(Free-text object descriptions)
---

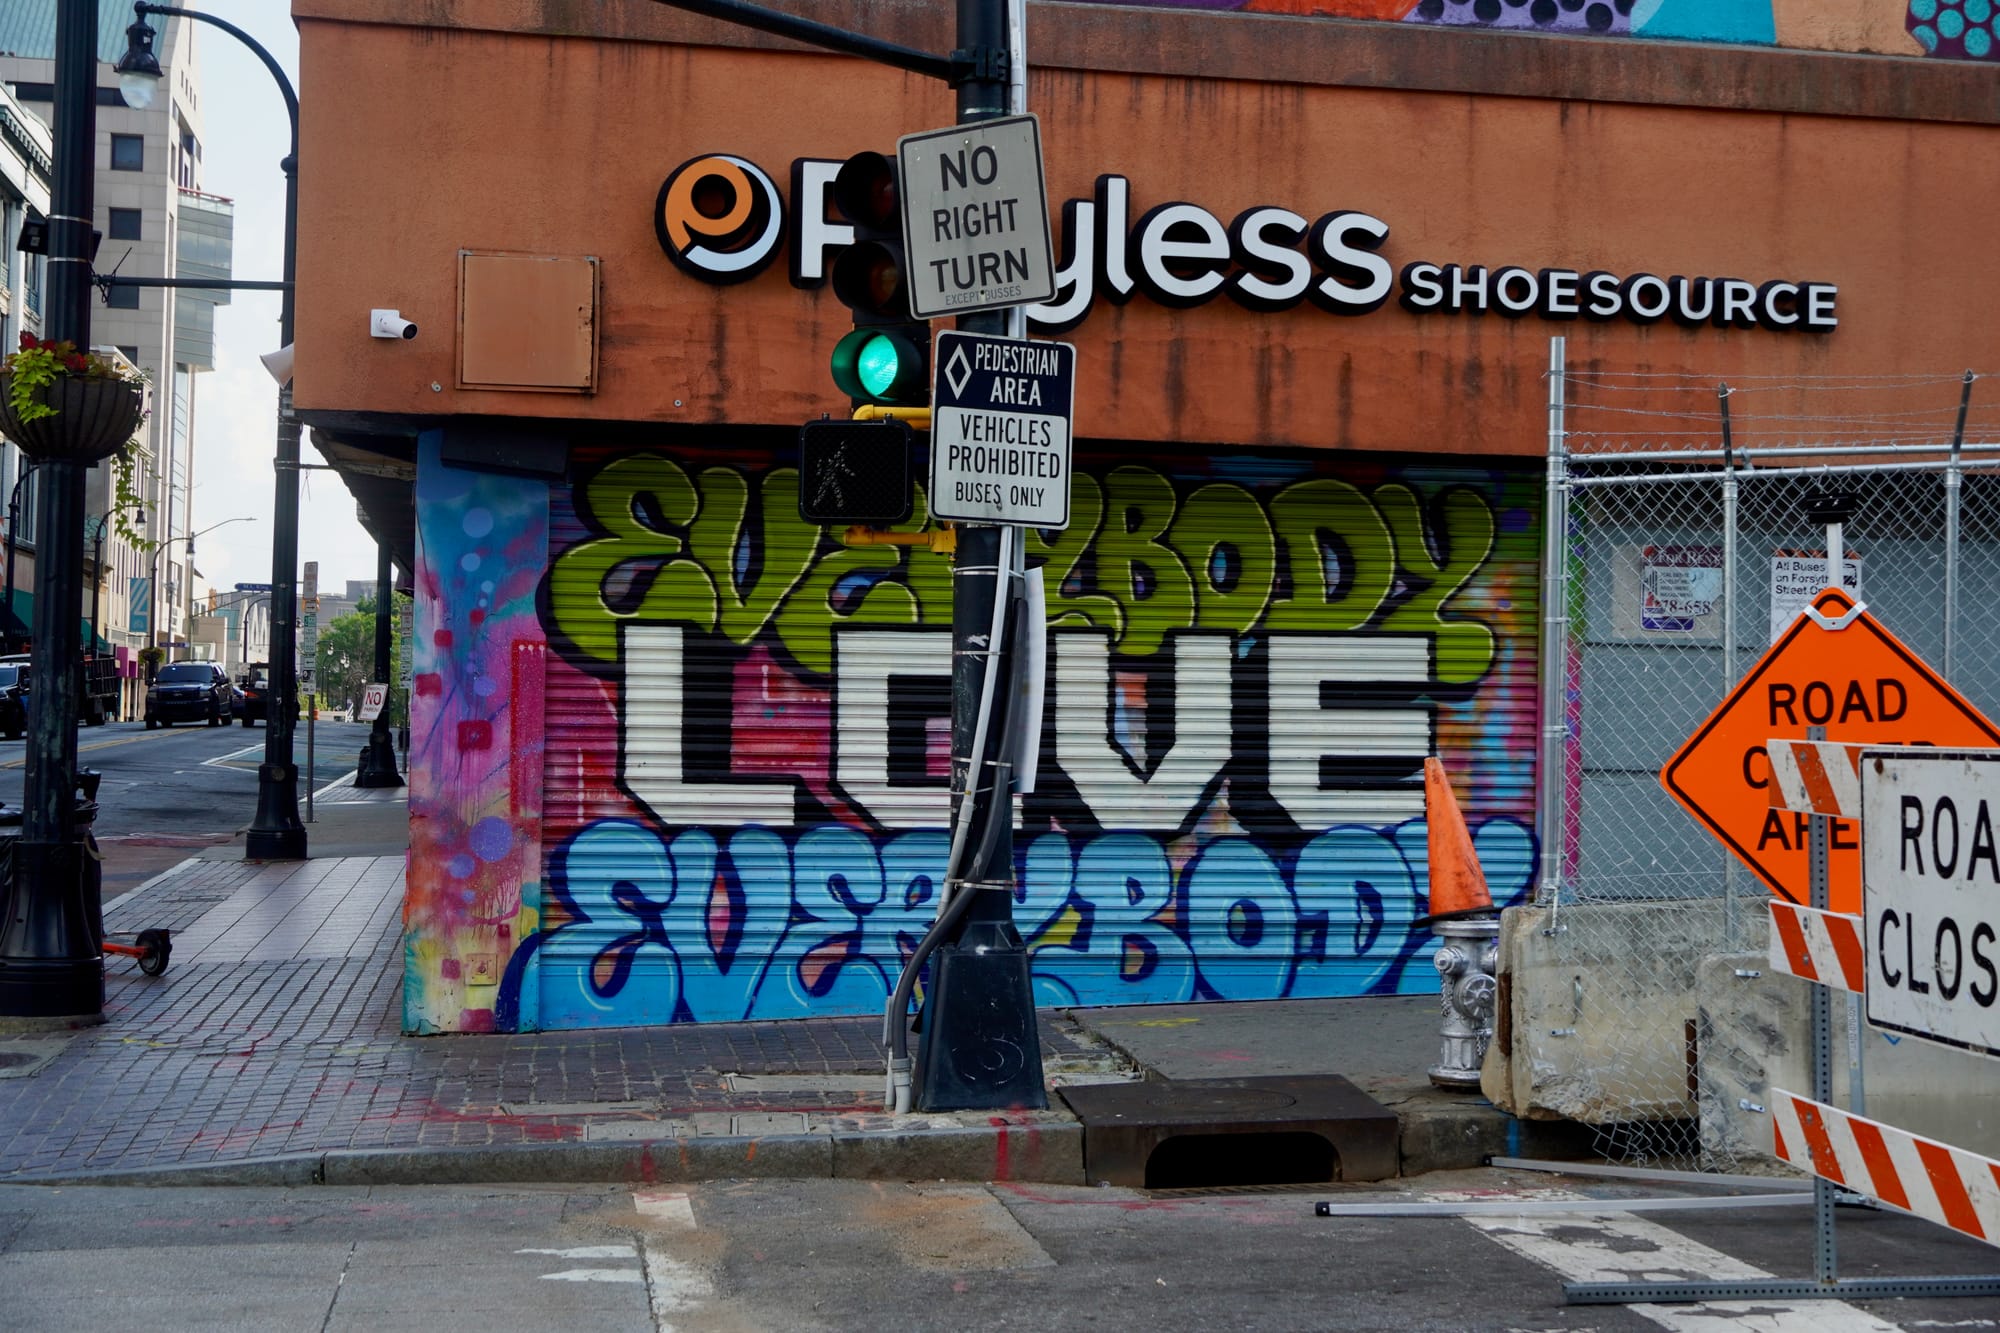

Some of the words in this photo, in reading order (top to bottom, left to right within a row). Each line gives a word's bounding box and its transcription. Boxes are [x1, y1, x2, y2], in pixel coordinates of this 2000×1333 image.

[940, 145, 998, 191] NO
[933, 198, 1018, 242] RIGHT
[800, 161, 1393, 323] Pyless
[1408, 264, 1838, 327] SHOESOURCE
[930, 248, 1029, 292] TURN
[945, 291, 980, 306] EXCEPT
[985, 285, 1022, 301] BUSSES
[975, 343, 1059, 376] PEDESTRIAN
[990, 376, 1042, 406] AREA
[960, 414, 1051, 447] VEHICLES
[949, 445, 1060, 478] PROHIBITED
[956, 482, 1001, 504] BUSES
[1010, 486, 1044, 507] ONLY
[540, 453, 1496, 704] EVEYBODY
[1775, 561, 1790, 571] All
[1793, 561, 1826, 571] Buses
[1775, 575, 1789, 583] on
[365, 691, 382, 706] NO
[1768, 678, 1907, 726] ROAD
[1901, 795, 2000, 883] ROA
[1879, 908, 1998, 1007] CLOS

---

▶ [WHAT YOU NEED TO DO]: Omitting all pictures, copy the preceding entries without any alteration.

▶ [EXERCISE RESPONSE]:
Some of the words in this photo, in reading order (top to bottom, left to right within a row). Each line gives a word's bounding box and its transcription. Boxes are [x1, y1, x2, y2], in pixel coordinates of this 2000×1333 image.

[940, 145, 998, 191] NO
[933, 198, 1018, 242] RIGHT
[800, 161, 1393, 323] Pyless
[1408, 264, 1838, 327] SHOESOURCE
[930, 248, 1029, 292] TURN
[945, 291, 980, 306] EXCEPT
[985, 285, 1022, 301] BUSSES
[975, 343, 1059, 376] PEDESTRIAN
[990, 376, 1042, 406] AREA
[960, 414, 1051, 447] VEHICLES
[949, 445, 1060, 478] PROHIBITED
[956, 482, 1001, 504] BUSES
[1010, 486, 1044, 507] ONLY
[540, 453, 1496, 704] EVEYBODY
[1775, 561, 1790, 571] All
[1793, 561, 1826, 571] Buses
[1775, 575, 1789, 583] on
[365, 691, 382, 706] NO
[1768, 678, 1907, 726] ROAD
[1901, 795, 2000, 883] ROA
[1879, 908, 1998, 1007] CLOS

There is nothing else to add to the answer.